**Images for object localization**
::::::
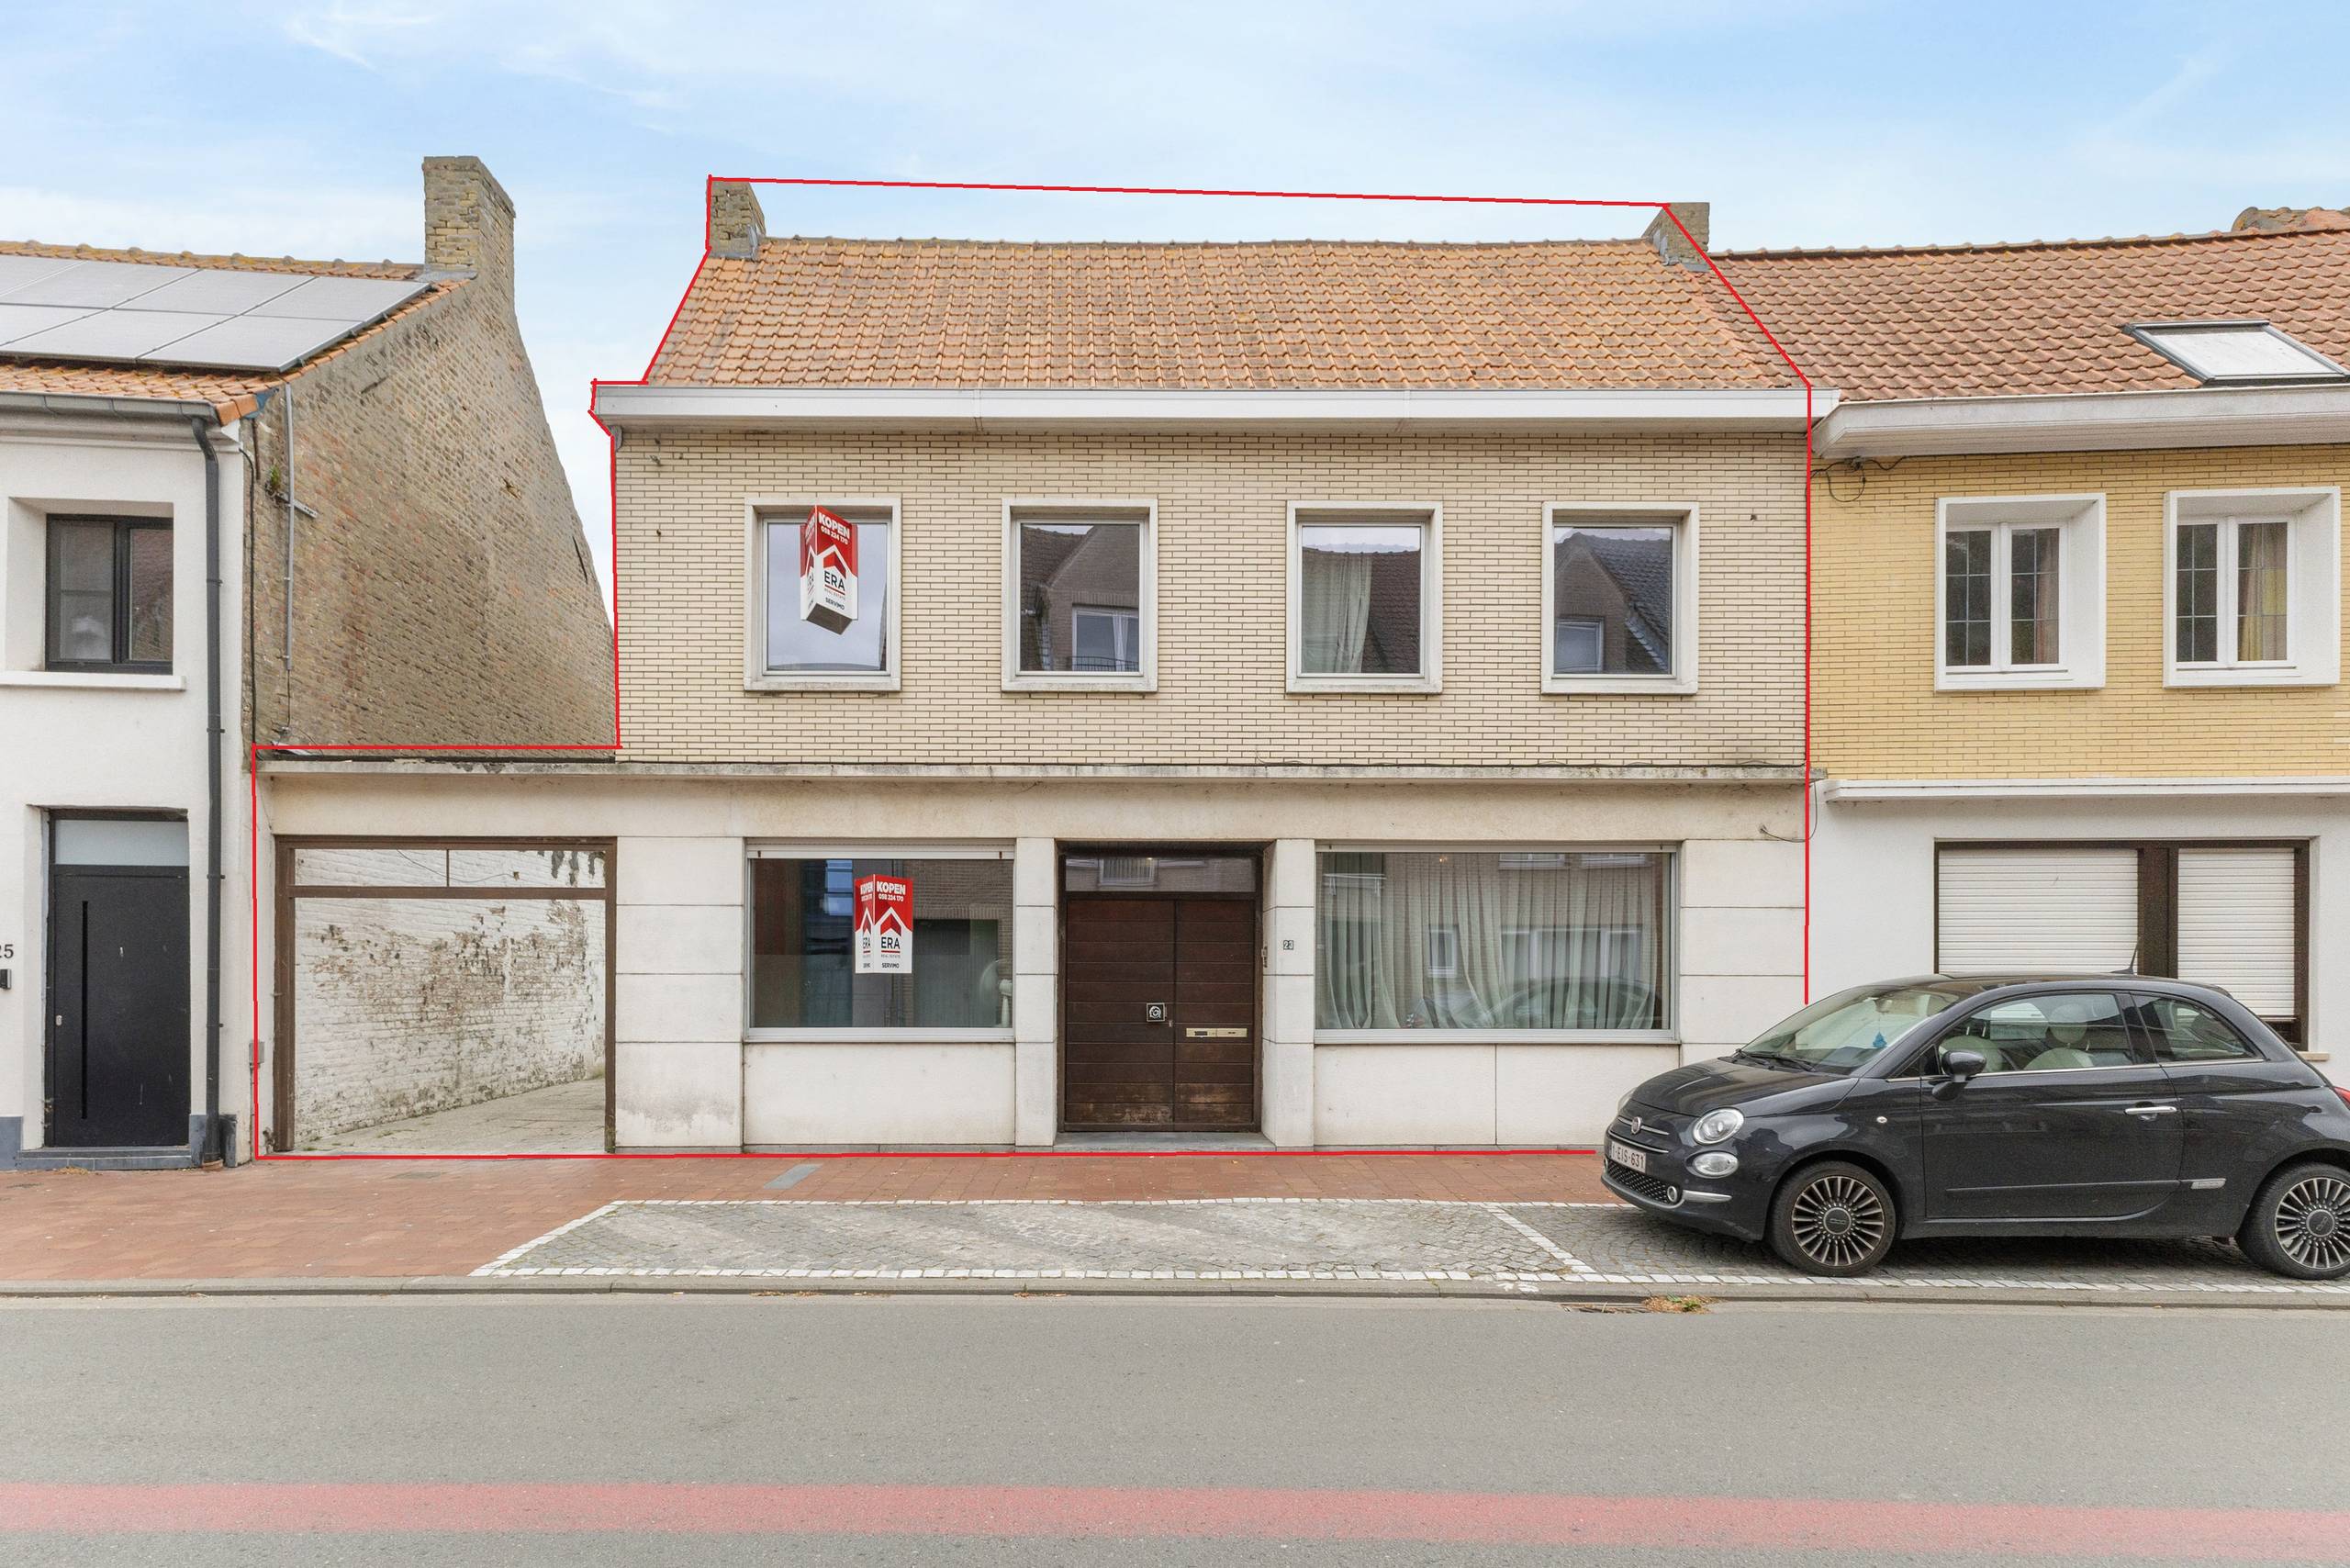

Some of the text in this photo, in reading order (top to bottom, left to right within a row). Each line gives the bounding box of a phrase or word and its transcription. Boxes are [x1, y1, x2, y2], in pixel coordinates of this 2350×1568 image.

[818, 511, 850, 540] KOPEN
[824, 570, 845, 592] ERA
[825, 597, 845, 610] SERVIMO
[877, 880, 906, 895] KOPEN
[880, 936, 901, 950] ERA
::::::
**Assigned task**
Return the data above in its exact wording, with none of the pictures.

**Answer to the problem**
Some of the text in this photo, in reading order (top to bottom, left to right within a row). Each line gives the bounding box of a phrase or word and its transcription. Boxes are [x1, y1, x2, y2], in pixel coordinates of this 2350×1568 image.

[818, 511, 850, 540] KOPEN
[824, 570, 845, 592] ERA
[825, 597, 845, 610] SERVIMO
[877, 880, 906, 895] KOPEN
[880, 936, 901, 950] ERA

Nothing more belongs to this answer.